May 302011
 

In my computer architecture course, I was told that a processor is like a car. The steering and the pedals are the ISA, the engine is the microarchitecture, and the software is the driver. I will extend that analogy further, and say that using a compiler is like using a remote-controller to operate the car. While remote controls are great, it is also important to understand their inner-workings. I see a lot of code –in professional software– that can confuse even the smartest compilers. In this post I cover three common tricks to confuse a compiler.

Before I fully dive into compilers, I want to add a quick disclaimer: While I do agree that our compilers need improvement, I also believe that compilers will forever have melting points and can always benefit from a little help from the programmers.

Compilers

A compiler takes your high-level code and converts it into machine code. I view the compiler as the following:

Screen shot 2011-05-30 at 12.56.00 PM

Optimizing the code requires the compiler to perform some extensive analysis. A simple example is dead code elimination (DCE). In DCE, the compiler eliminates code that is not reachable. For example, the loop on lines 3 and 4 will be eliminated by the compiler because the loop’s results are never used.

1: void foo(){
2:   int x;
3:   for(int i = 0; i < N; i++)
4:     x += i;
5: }

In DCE, the compiler performs reverse data flow analysis (def-use) to determine which variables are unused. It then eliminates the lines that are writing this unused variable. For the compiler to perform DCE and other similar optimizations, it must be able to decipher, with 100% confidence, whether or not a variable is going to be accessed.

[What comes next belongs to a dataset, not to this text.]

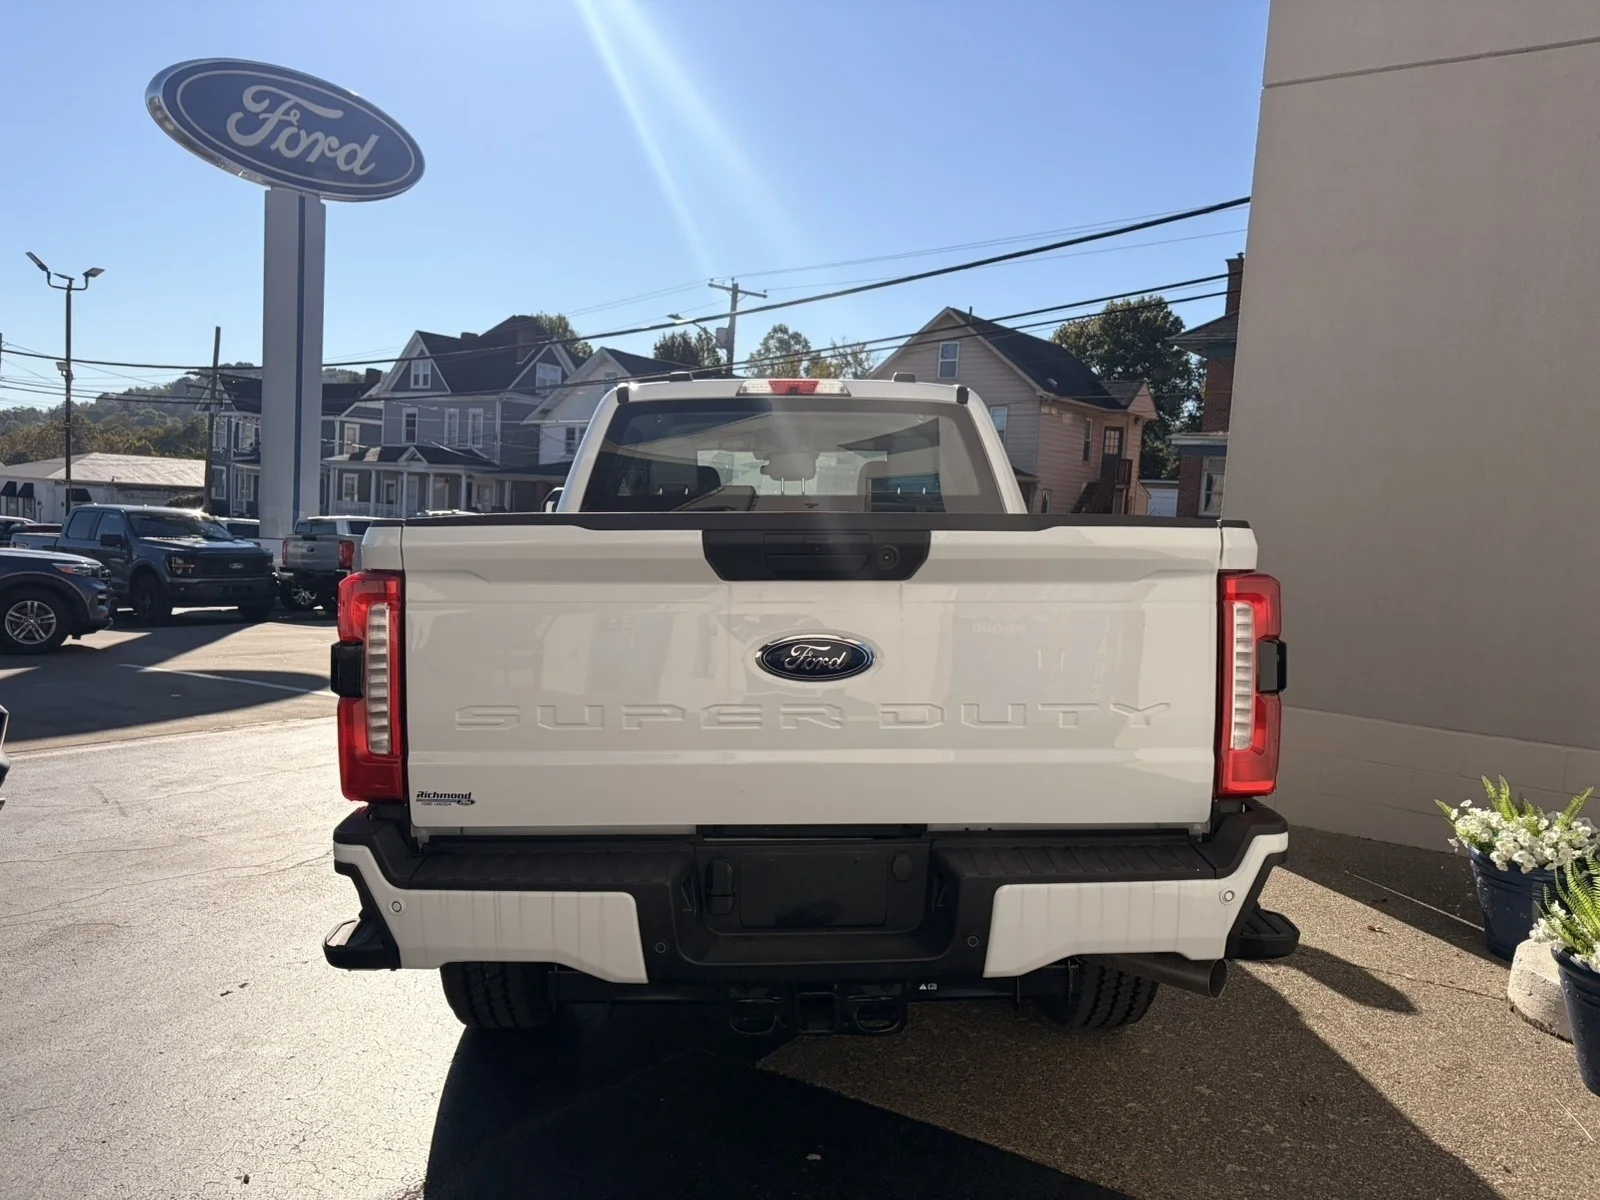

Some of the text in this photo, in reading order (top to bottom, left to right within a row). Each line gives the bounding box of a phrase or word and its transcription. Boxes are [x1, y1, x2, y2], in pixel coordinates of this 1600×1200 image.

[226, 84, 380, 176] Ford
[784, 644, 847, 671] Ford
[454, 702, 1171, 730] SUPER DUTY
[417, 791, 471, 799] Richmond

Herein lies our opportunity to confuse the compiler. We can exploit some well-known weak points.

Function calls

Compiler analysis is a very compute-intensive task. For reference, the code of the compiler itself is perhaps the most irregular and complex code in existence. Moreover, the optimization problems emerge very quickly. To keep compile time under control, compilers often limit the scope of analysis to functions and only perform limited–or even no–inter-procedural analysis (IPA). As an added benefit, treating functions as independent entities also allows compilers to compile files in parallel.

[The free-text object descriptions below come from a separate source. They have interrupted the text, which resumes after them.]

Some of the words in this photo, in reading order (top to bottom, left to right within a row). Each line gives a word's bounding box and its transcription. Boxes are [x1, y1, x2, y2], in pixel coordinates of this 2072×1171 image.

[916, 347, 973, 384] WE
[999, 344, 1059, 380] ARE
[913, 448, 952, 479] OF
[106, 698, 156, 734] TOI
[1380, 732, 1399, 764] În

Adding multiple layers of function calls, ideally split across files, is often a good method to confuse the compiler.

Lets look at this example:

1: void foo(){
2:   int x;
3:   for(int i = 0; i < N; i++)
4:     x += bar(i);
5: }

A different file contains:


1: void bar(int i){
2:   return i;
3: }

A programmer may think that the only overhead is the function call to bar. However, when compiling foo, the compiler is unable to see that bar does not have any side-effect like writing to a global variable or I/O. For this reason, it disables DCE and the entire useless loop now needs to execute.  This can result in a substantial slowdown.

Pointers

I have seen a lot of programmers use pointers unnecessarily. In general, the pointer dereference (if anything) is considered to be the main overhead of using pointers. In reality, pointers pose a major overhead by confusing the compiler.

A pointer, in theory, is allowed to point anywhere in memory. As soon as the compiler sees a pointer, it can no longer be sure which variables are being accessed.  Consequently, compilers take a pessimistic assumption that several variables in scope can be accessed using the pointer. This often creates many false dependencies in the eyes of the compiler. My classic example is the following loop I found in an image processing application:

1: for(int i = 0; i < N; i++)
2:  *a++ = *b++ + *c++;

After careful inspection, a human can decipher that the code is really just doing:

1: for(int i = 0; i < N; i++)
2:  a[i] =b[i] + c[i];
3: a += N;
4: b += N;
5: c += N;

The first code confuses the compiler. Even though the loop iterations are independent, the compiler assumes that they are not; thus, the compiler does not vectorize this code. In contrast, the compiler is able to vectorize the second code.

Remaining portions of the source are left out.